Some photo retouching was enough to go from bustle to solitude. Pereira began his project by immortalizing small areas: parks, squares… Until he got to Japan. The Shibuya Crossing, in Tokyo, was his great challenge. In his photo of this place there are no cars. Just a lone pedestrian who, it might be observed, is crossing where he shouldn’t.
Once he’d overcome that challenge, Pereira decided to face the human and vehicular transit of Madrid, London, New York, Istanbul and Rome. “I use the fourth dimension of photography: time. I choose the moment and the story I want to tell by combining many photographs.” A technique that requires patience. “Sometimes it takes me months to finalize a photo,” he admits.
Times Square or the Central Station without people startle him. Although it’s maybe the photo of the bicycle delivery man on the Gran Vía in Madrid that still impresses him. It’s not the only photo in which Pereira “spares” a person: “In the large cities we don’t notice individuals. We just see a group of people and don’t stop to think about who is beside us. That’s why, by isolating a story, we concede importance so a single protagonist.”

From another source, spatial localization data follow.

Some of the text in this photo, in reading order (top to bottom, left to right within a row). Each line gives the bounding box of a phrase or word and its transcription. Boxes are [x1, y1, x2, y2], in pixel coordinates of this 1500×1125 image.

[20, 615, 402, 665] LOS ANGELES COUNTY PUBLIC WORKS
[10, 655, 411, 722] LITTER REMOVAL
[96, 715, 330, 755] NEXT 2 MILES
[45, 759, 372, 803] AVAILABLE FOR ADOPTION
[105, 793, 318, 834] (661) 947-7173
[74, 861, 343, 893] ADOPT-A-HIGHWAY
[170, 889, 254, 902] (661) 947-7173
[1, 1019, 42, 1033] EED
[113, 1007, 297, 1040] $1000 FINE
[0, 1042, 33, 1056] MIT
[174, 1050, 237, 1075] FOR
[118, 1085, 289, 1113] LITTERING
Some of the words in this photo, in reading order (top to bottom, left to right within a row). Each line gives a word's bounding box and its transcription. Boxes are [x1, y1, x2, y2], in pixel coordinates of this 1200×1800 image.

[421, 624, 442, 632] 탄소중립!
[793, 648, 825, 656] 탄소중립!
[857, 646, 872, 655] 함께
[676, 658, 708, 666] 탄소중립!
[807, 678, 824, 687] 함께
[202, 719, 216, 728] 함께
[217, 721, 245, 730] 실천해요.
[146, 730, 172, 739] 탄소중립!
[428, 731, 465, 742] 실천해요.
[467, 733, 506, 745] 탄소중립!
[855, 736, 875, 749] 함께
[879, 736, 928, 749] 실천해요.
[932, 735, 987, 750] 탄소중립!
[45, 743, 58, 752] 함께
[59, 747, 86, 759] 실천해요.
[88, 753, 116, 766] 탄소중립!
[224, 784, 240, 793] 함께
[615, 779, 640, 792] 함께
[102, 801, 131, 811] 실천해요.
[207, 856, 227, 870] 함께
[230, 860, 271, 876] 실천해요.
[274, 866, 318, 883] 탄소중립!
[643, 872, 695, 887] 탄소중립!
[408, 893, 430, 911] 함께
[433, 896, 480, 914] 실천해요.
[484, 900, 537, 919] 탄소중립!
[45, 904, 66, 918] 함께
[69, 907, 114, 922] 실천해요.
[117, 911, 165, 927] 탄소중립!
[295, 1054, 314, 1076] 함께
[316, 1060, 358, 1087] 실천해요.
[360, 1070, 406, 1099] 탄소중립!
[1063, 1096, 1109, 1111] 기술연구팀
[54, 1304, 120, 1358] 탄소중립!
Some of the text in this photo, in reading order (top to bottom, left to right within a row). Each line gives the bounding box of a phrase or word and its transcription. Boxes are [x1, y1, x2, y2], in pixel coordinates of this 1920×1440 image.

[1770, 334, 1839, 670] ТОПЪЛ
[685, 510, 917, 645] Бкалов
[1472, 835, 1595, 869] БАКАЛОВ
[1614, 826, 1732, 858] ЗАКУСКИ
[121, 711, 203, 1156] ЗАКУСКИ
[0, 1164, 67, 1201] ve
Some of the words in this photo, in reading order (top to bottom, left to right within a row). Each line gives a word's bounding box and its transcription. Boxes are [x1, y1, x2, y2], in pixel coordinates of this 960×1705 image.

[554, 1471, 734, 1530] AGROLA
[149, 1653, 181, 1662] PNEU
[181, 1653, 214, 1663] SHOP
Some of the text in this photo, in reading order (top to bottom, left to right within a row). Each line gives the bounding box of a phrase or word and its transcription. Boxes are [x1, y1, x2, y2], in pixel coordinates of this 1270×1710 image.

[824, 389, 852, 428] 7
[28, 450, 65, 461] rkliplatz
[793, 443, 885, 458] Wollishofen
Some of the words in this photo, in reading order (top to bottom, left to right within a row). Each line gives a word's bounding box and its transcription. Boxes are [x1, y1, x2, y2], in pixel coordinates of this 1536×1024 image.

Pereira’s next target is Paris. “But when this current chaos is over, of course.” He refuses to see his photos as foreboding because he never imagined that they could reflect reality: “If they’d told us all this a few weeks ago, we wouldn’t have believed it. In fact, four years ago they asked me if some day images like mine could become reality and I answered that it was impossible.”
That’s why he prefers not to make predictions: “This situation has to make us think that we have to be prepared for everything.”